Growers want place at COP7

The African division of the International Tobacco Growers’ Association (ITGA) has expressed concern at reports of plans to ban dozens of ‘appointed and elected officials from executive, legislative and judicial branches’ representing tobacco-growing countries from participating in the meeting of the seventh Conference of the Parties (COP7) to the World Health Organization’s Framework Convention on Tobacco Control, according to a Vanguard story.

COP7 is scheduled to take place in Delhi, India, in November.
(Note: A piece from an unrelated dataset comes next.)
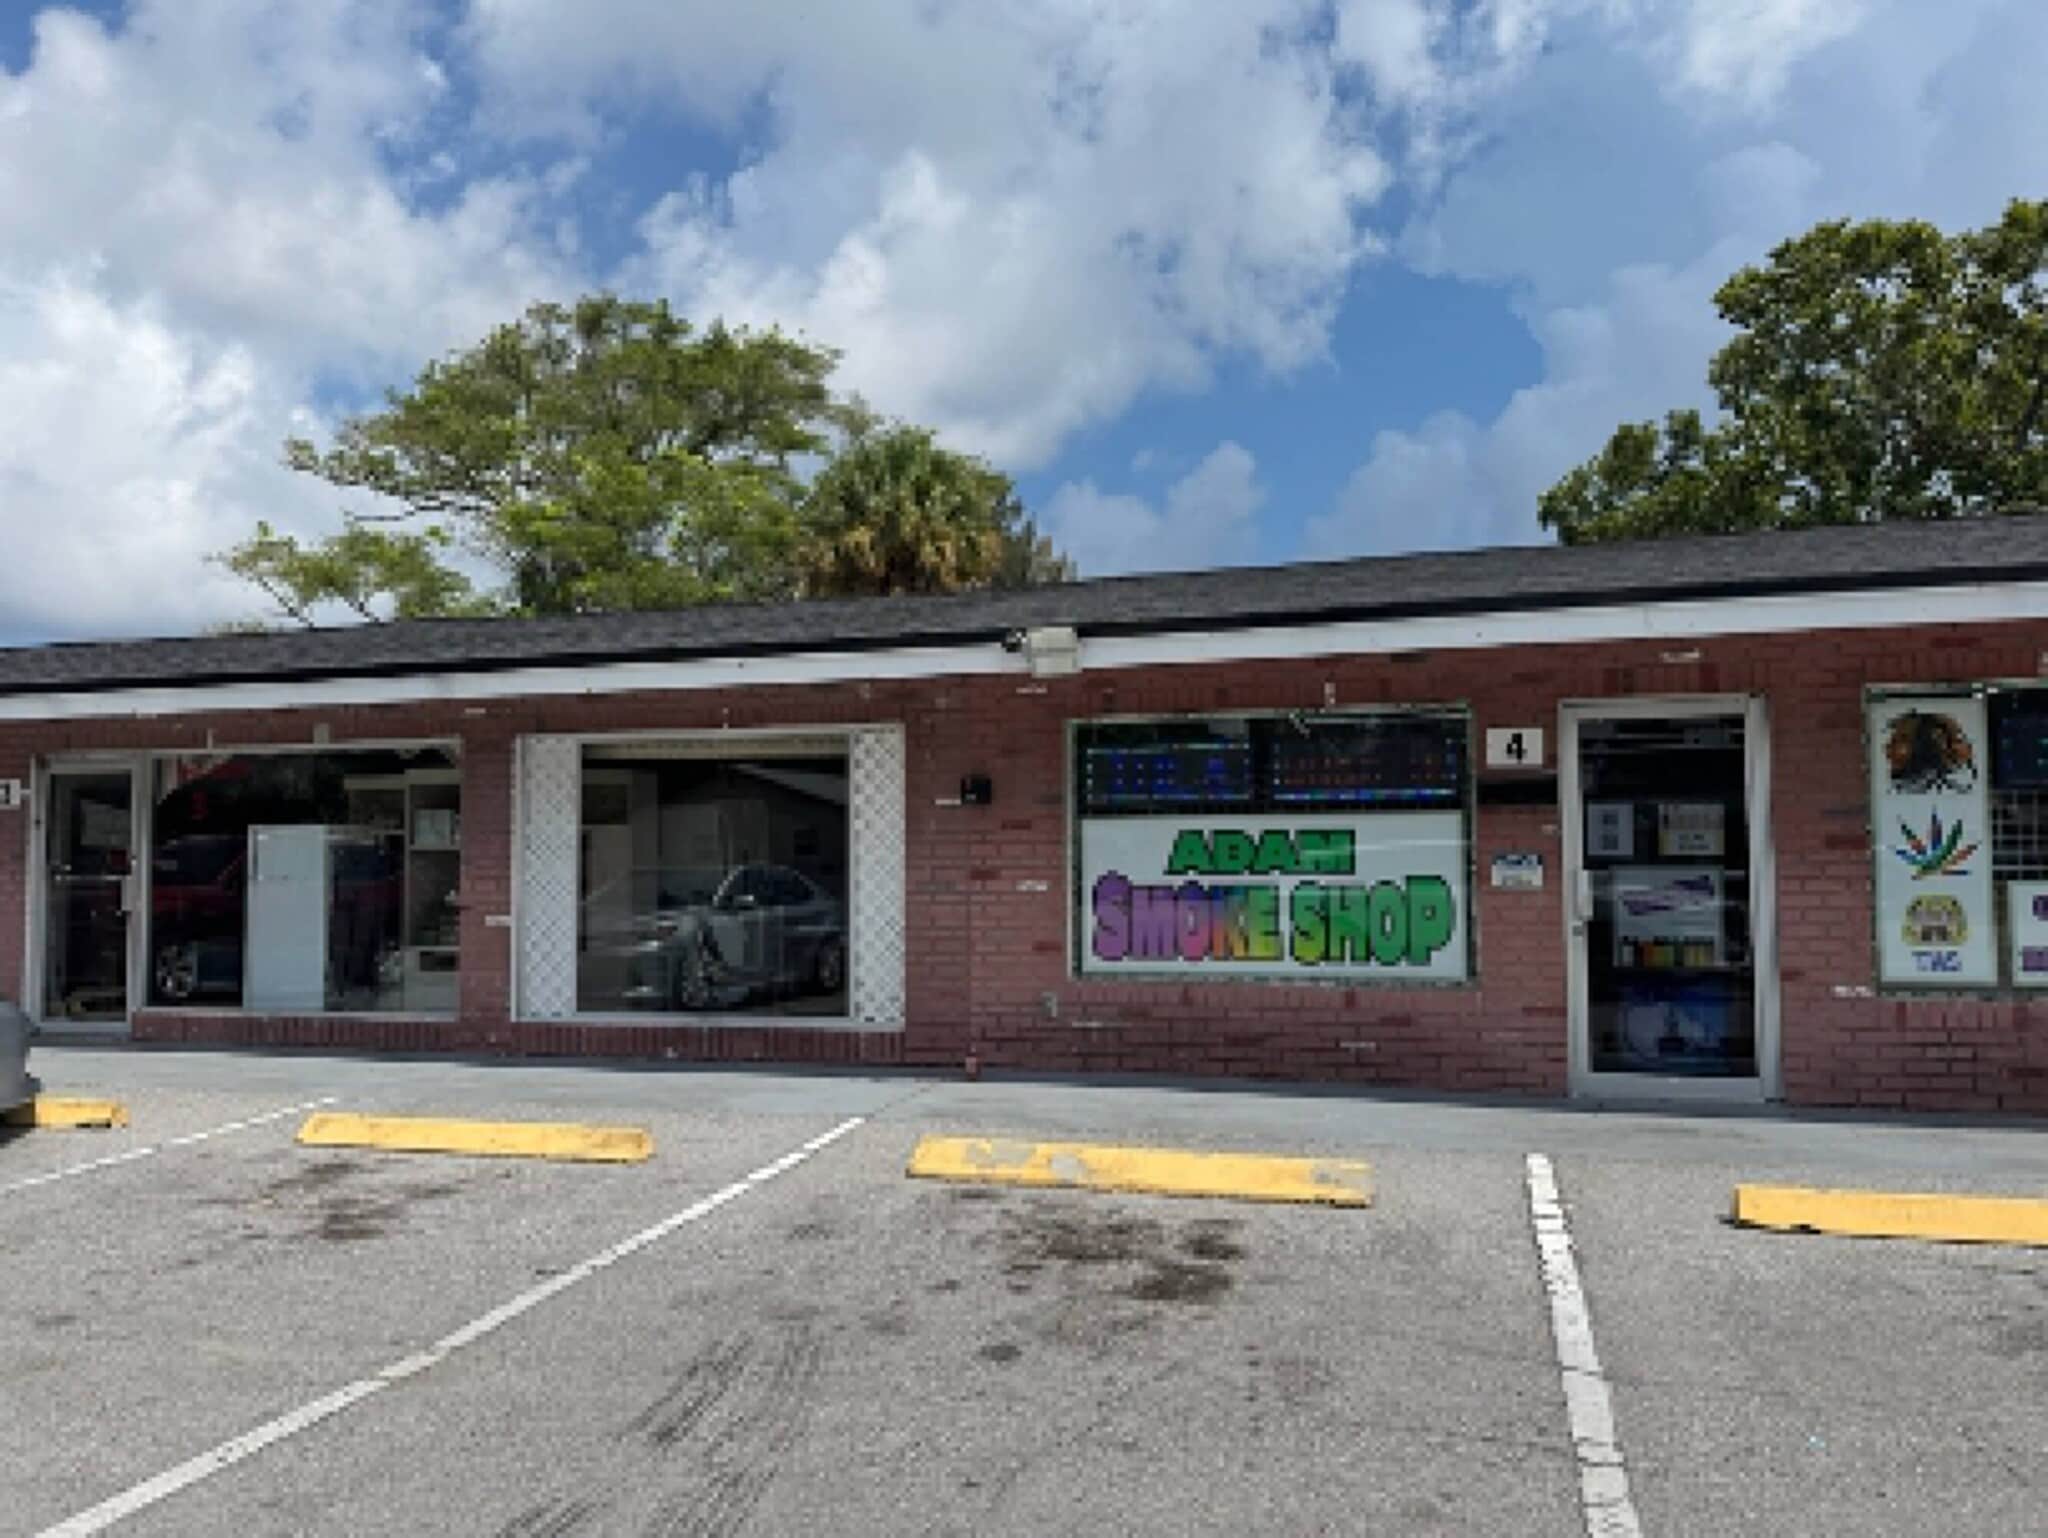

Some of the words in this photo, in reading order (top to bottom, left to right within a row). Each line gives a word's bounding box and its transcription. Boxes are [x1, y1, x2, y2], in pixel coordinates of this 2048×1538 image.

[1505, 733, 1529, 762] 4
[1164, 829, 1356, 875] ADAM
[1093, 871, 1284, 961] SMOKE
[1290, 875, 1455, 966] SHOP
Previously, the ITGA had backed a call by the Tobacco Institute of India to allow tobacco industry stakeholders, including growers, to participate in the conference, according to a story by Amiti Sen for the Hindu Business Line, relayed by the TMA.

The ITGA president Francois Van Der Merwe had said that measures impacting tobacco cultivation and tobacco farmers could not be decided only by health officials and activists.

ITGA members from North America, South America, India, Europe, Africa, South Africa and Indonesia were in New Delhi for a two-day seminar ahead of COP7.

Merwe said that despite several representations from the ITGA, the FCTC was not allowing the association to participate in the meeting; and he said that this wasn’t right.

He said the adoption of “extreme measures” would directly and severely affect the livelihood of millions of tobacco farmers and farm workers around the world.